Traces of bird flu virus found in some milk and pasteurized dairy, FDA says


(NEW YORK) — As federal agencies and state partners continue investigating outbreaks of highly pathogenic avian influenza (HPAI) — more commonly referred to as bird flu — the U.S. Food and Drug Administration says it discovered fragments of the virus in some samples of milk.

In an update from the FDA, the agency said it tested milk samples by polymerase chain reaction (PCR) and found the presence of fragments of the virus, which is not the same as infectious virus and currently poses no increased risk to human health.

“Based on available information, pasteurization is likely to inactivate the virus, however the process is not expected to remove the presence of viral particles,” the FDA said.

“At this point, when you look for something in public health, science and medicine, your chances of finding it go up,” ABC News chief medical correspondent Dr. Jennifer Ashton said.

Citing a senior official at the Centers for Disease Control and Prevention, Ashton said, “the overall risk to the general American population is low, particularly from dairy cows, however, ‘they are taking this very seriously."”

What to know about bird flu and safety of milk supply

Importantly, the FDA stated, “we have seen nothing that would change our assessment that the commercial milk supply is safe” and expect new results from multiple studies “in the next few days to weeks.”

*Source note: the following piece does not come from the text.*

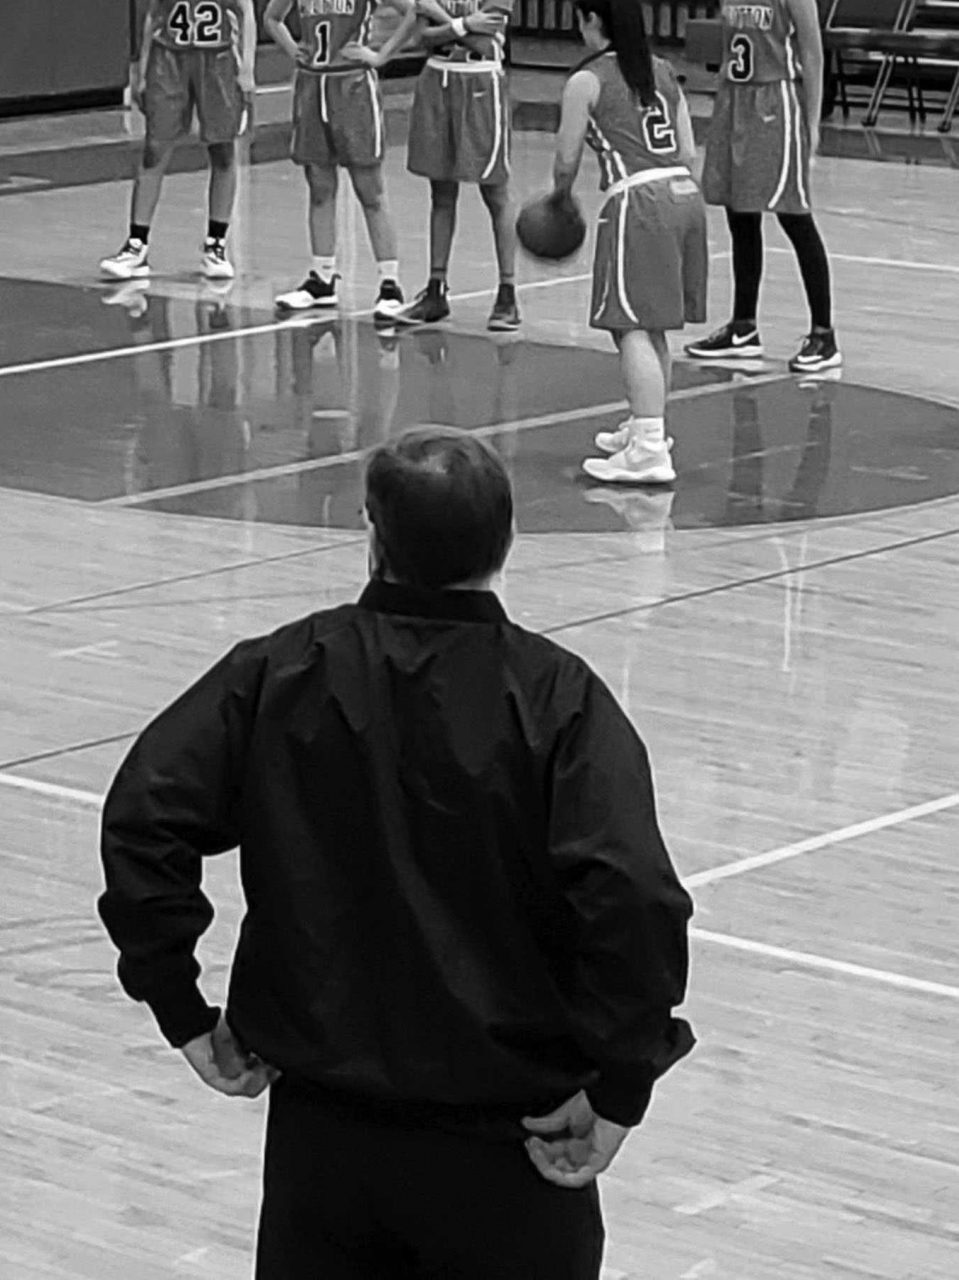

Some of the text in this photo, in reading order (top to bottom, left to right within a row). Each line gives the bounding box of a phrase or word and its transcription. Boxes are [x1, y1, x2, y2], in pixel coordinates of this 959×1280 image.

Concerns were first raised last month when HPAI was detected in dairy cows across multiple states, but the USDA and FDA maintain that the U.S. commercial milk supply remains safe due to “the pasteurization process and the diversion or destruction of milk from sick cows.”

“Nearly all (99%) of the commercial milk supply that is produced on dairy farms in the U.S. comes from farms that participate in the Grade ‘A’ milk program and follow the Pasteurized Milk Ordinance (PMO), which includes controls that help ensure the safety of dairy products,” the FDA update continued.

Aside from pasteurized milk, both the FDA and CDC warn against drinking raw milk or products made with it that are typically bought at farms or local stores, due to possible viruses or bacteria that can lead to infection or foodborne illness.

Twenty states explicitly prohibit raw milk sales in some form. And milk that travels across state lines must be pasteurized, according to federal regulations.

HPAI was first detected in 1996 and there have only been two cases of human H5N1 in the U.S. so far. There have been no reports of human-to-human spread in the U.S.